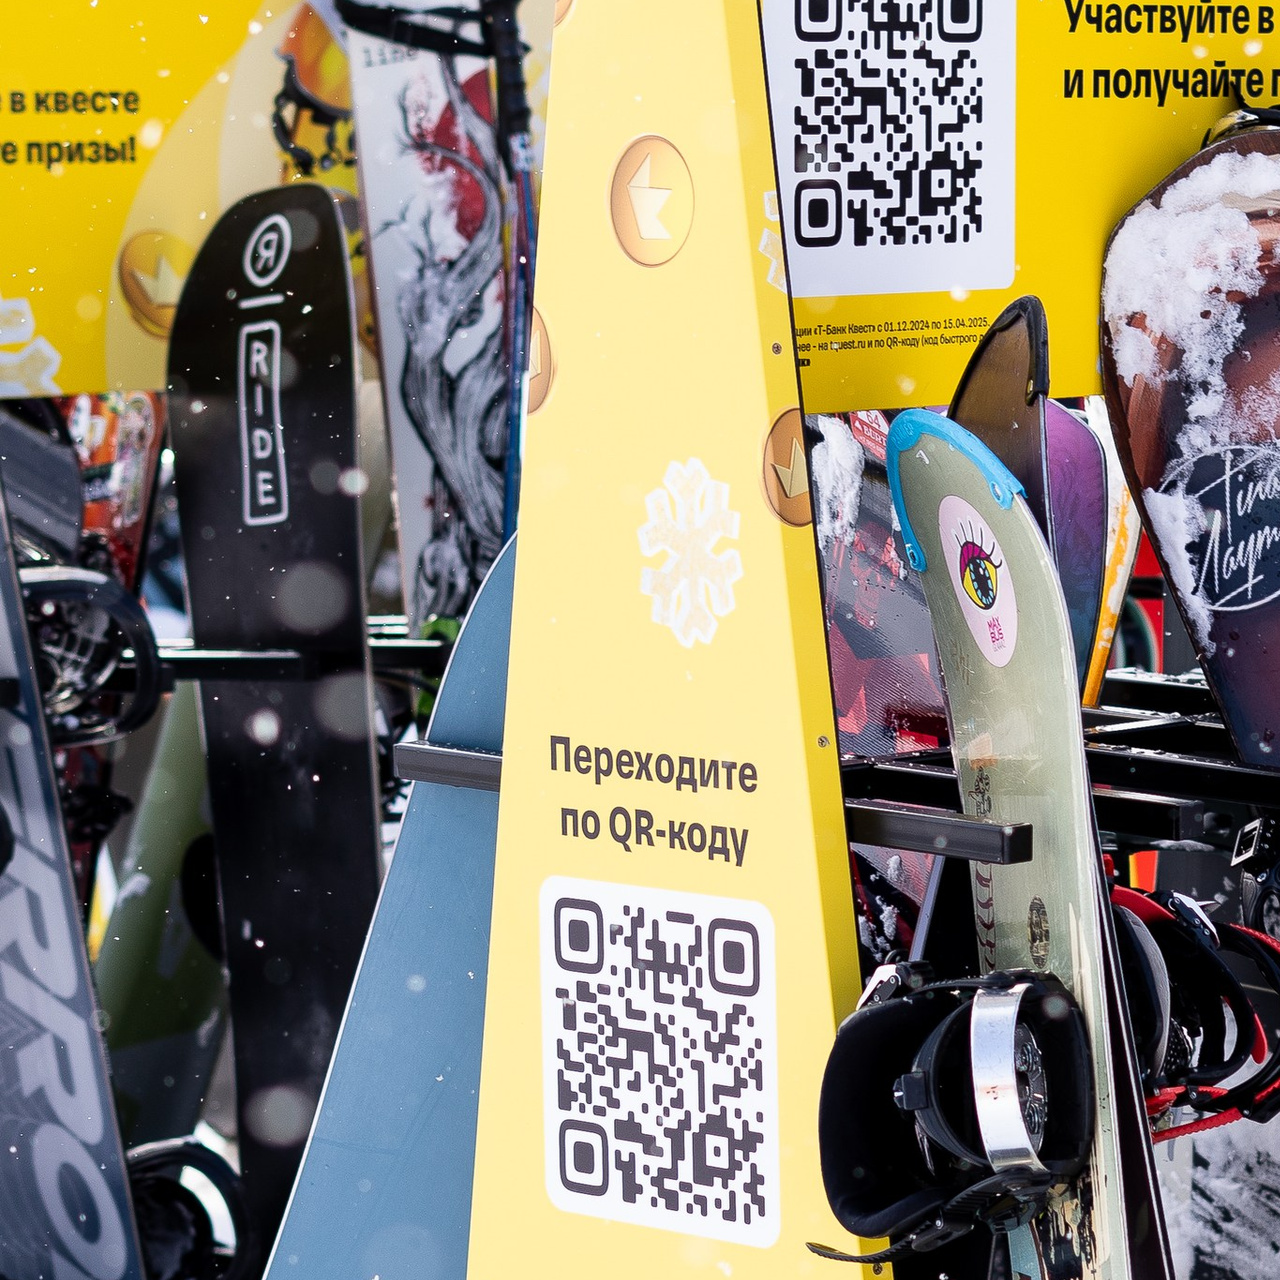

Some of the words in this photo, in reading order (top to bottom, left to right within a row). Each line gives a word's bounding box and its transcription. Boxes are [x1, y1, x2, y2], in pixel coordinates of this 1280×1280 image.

[1258, 5, 1274, 34] в
[1063, 69, 1084, 98] и
[1093, 60, 1264, 107] получайте
[10, 92, 26, 113] в
[35, 91, 139, 113] квесте
[27, 136, 136, 170] призы!
[884, 320, 930, 332] 01.12.2024
[932, 321, 941, 330] по
[943, 317, 990, 329] 15.04.2025.
[818, 342, 828, 351] на
[868, 340, 873, 348] и
[874, 339, 884, 348] по
[886, 336, 919, 349] QR-коду
[922, 335, 939, 346] (код
[940, 333, 977, 346] быстрого
[250, 338, 277, 506] RIDE
[863, 425, 888, 447] BURT
[550, 735, 757, 793] Переходите
[561, 807, 600, 840] по
[609, 806, 749, 867] QR-коду
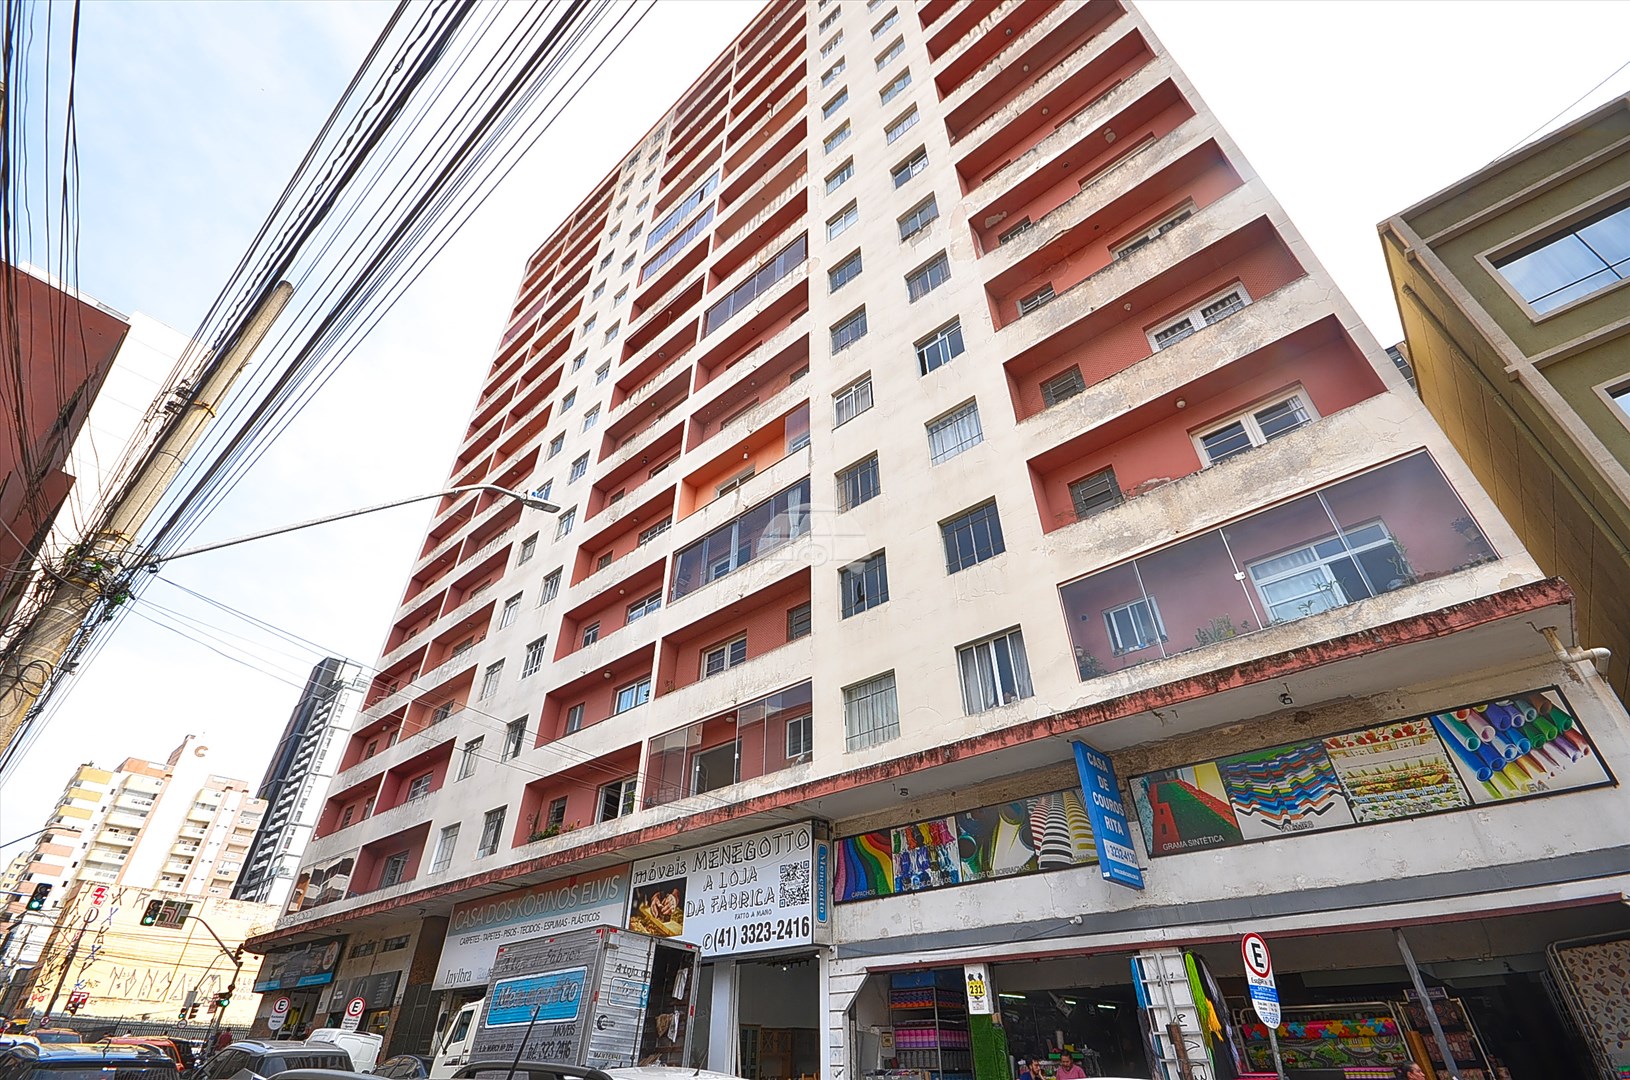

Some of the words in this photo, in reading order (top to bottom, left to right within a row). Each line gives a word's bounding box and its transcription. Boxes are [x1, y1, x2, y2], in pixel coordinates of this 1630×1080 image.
━━━━━━━━━━━━━━━━━━━━━━━━━━━━━━
■ **Your goal**:
Everything in the material above must be repeated exactly, apart from its pictures.

■ **Solution to this problem**:
Some of the words in this photo, in reading order (top to bottom, left to right within a row). Each line gives a word's bounding box and its transcription. Boxes are [x1, y1, x2, y2], in pixel coordinates of this 1280×1280 image.

[1258, 5, 1274, 34] в
[1063, 69, 1084, 98] и
[1093, 60, 1264, 107] получайте
[10, 92, 26, 113] в
[35, 91, 139, 113] квесте
[27, 136, 136, 170] призы!
[884, 320, 930, 332] 01.12.2024
[932, 321, 941, 330] по
[943, 317, 990, 329] 15.04.2025.
[818, 342, 828, 351] на
[868, 340, 873, 348] и
[874, 339, 884, 348] по
[886, 336, 919, 349] QR-коду
[922, 335, 939, 346] (код
[940, 333, 977, 346] быстрого
[250, 338, 277, 506] RIDE
[863, 425, 888, 447] BURT
[550, 735, 757, 793] Переходите
[561, 807, 600, 840] по
[609, 806, 749, 867] QR-коду

Some of the words in this photo, in reading order (top to bottom, left to right within a row). Each line gives a word's bounding box and its transcription. Boxes are [x1, y1, x2, y2], in pixel coordinates of this 1630×1080 image.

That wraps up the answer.